How will this module help me use the SafeMed model in my practice?
Four STEPS to develop and implement the SafeMed model.
Answers to common questions about SafeMed.
Tools to develop training materials and track progress.
Quiz Ref IDComplex patients, such as those with multiple chronic conditions, polypharmacy, and unmet social needs, are particularly at risk for serious drug therapy problems during transitions from hospital to home. The SafeMed care transitions model uses intensive medication reconciliation and home assessments to manage high-risk/high-needs patients in the primary care practice who tend to be heavy utilizers of inpatient and emergency services. The SafeMed model leads to decreased hospital and emergency department utilization, and improved outcomes for the target patient population.
The SafeMed model1 was originally developed at the University of Tennessee/Methodist Le Bonheur Healthcare and funded by a Health Care Innovation Award from the Centers for Medicare and Medicaid Services (CMS). The model was designed with the strengths of primary care in mind and relies on primary care-based team members, including physicians, pharmacists, nurses, and community health workers, to form a support network for high-risk/high-needs patients as they transition from the hospital to outpatient setting. These team members work closely with patients to forge strong relationships that make it easier to coordinate and manage their care. This module provides guidance, tools, and resources at no cost so you can adapt the SafeMed model for your practice.

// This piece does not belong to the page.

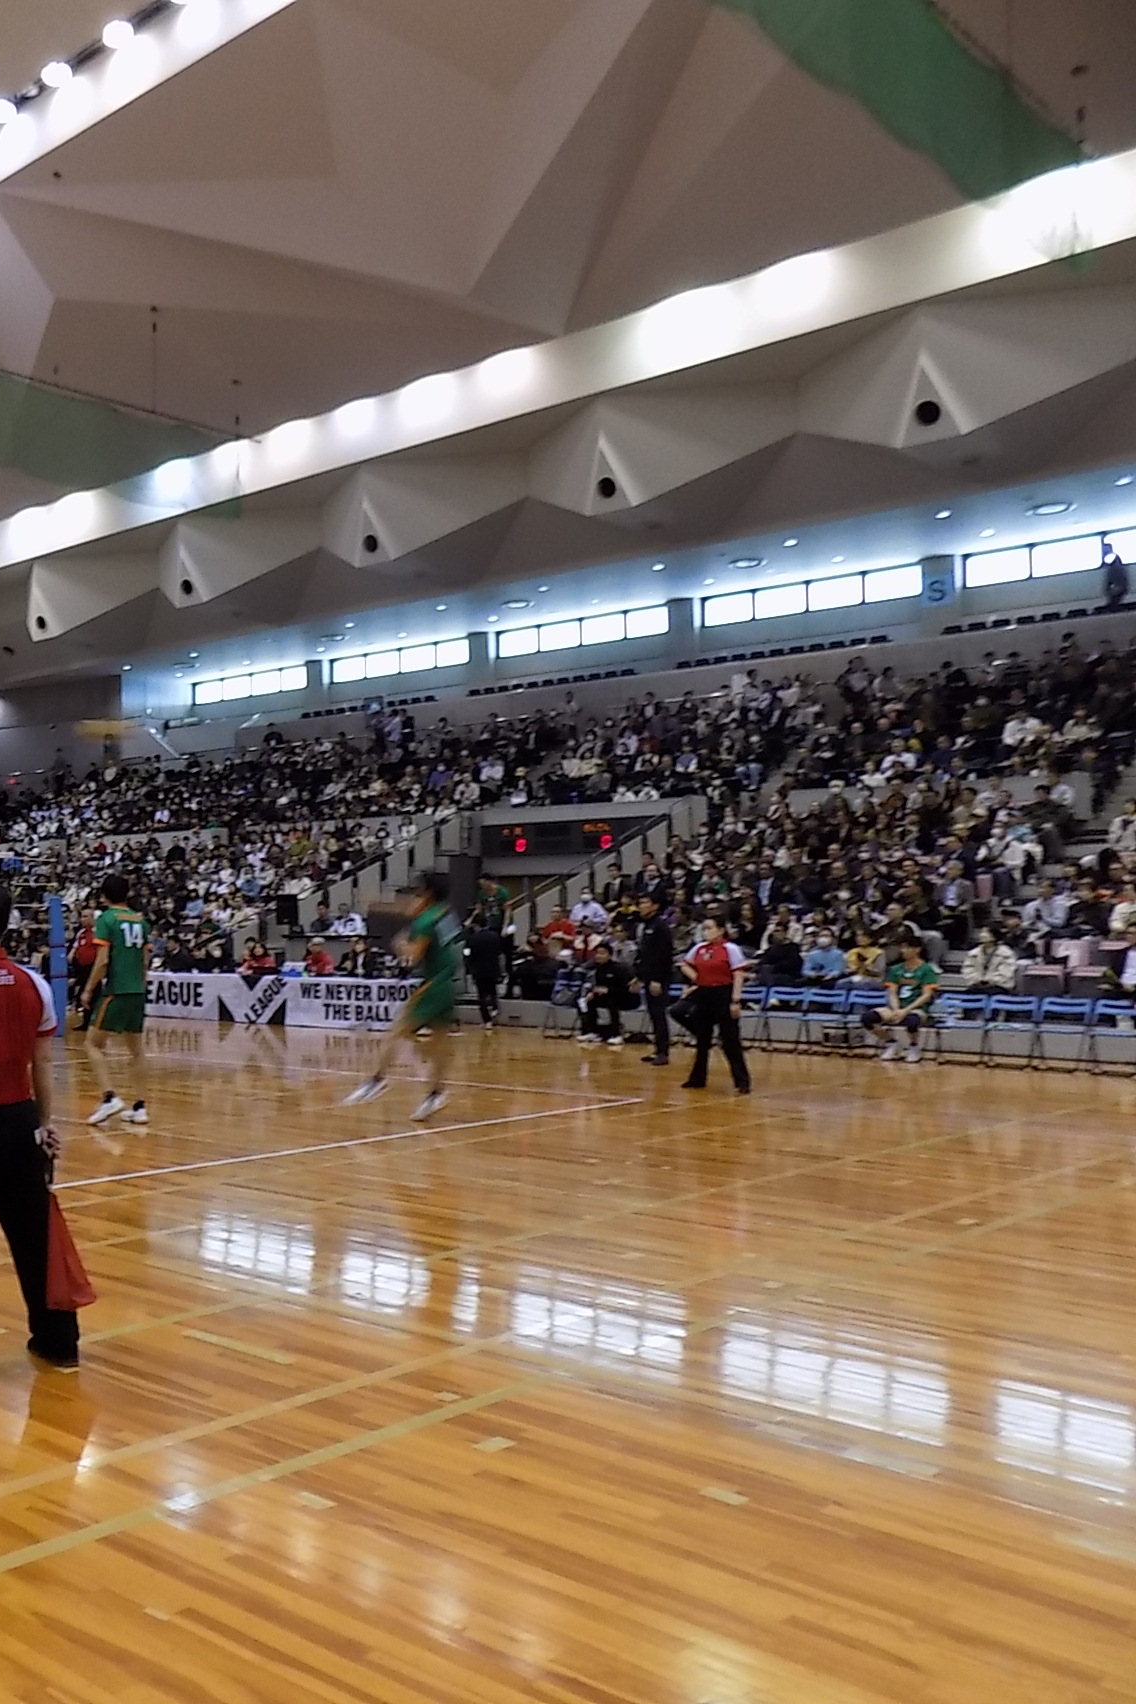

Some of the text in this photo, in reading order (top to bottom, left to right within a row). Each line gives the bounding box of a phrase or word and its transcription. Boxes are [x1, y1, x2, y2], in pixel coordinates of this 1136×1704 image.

Four STEPS to building a SafeMed care transitions team
Develop your care transitions plan.
Identify complex patients who are candidates for the program.
Assemble and train your SafeMed team.
Start the transition process and refine the plan over time.
Step 1 Develop your care transitions plan.
Start holding regular team meetings to plan for the implementation of SafeMed. Think about how to scale the SafeMed model to fit your practice's needs and to best take care of the patients who will benefit from your new program. You may want to consider working with multiple practices in your area to pool resources and create a SafeMed team as a shared community resource.
When you have a good idea of your practice's capabilities and how you intend to work with a partner, review and think about how to modify SafeMed job descriptions, protocols, and procedures to meet your target patients' needs.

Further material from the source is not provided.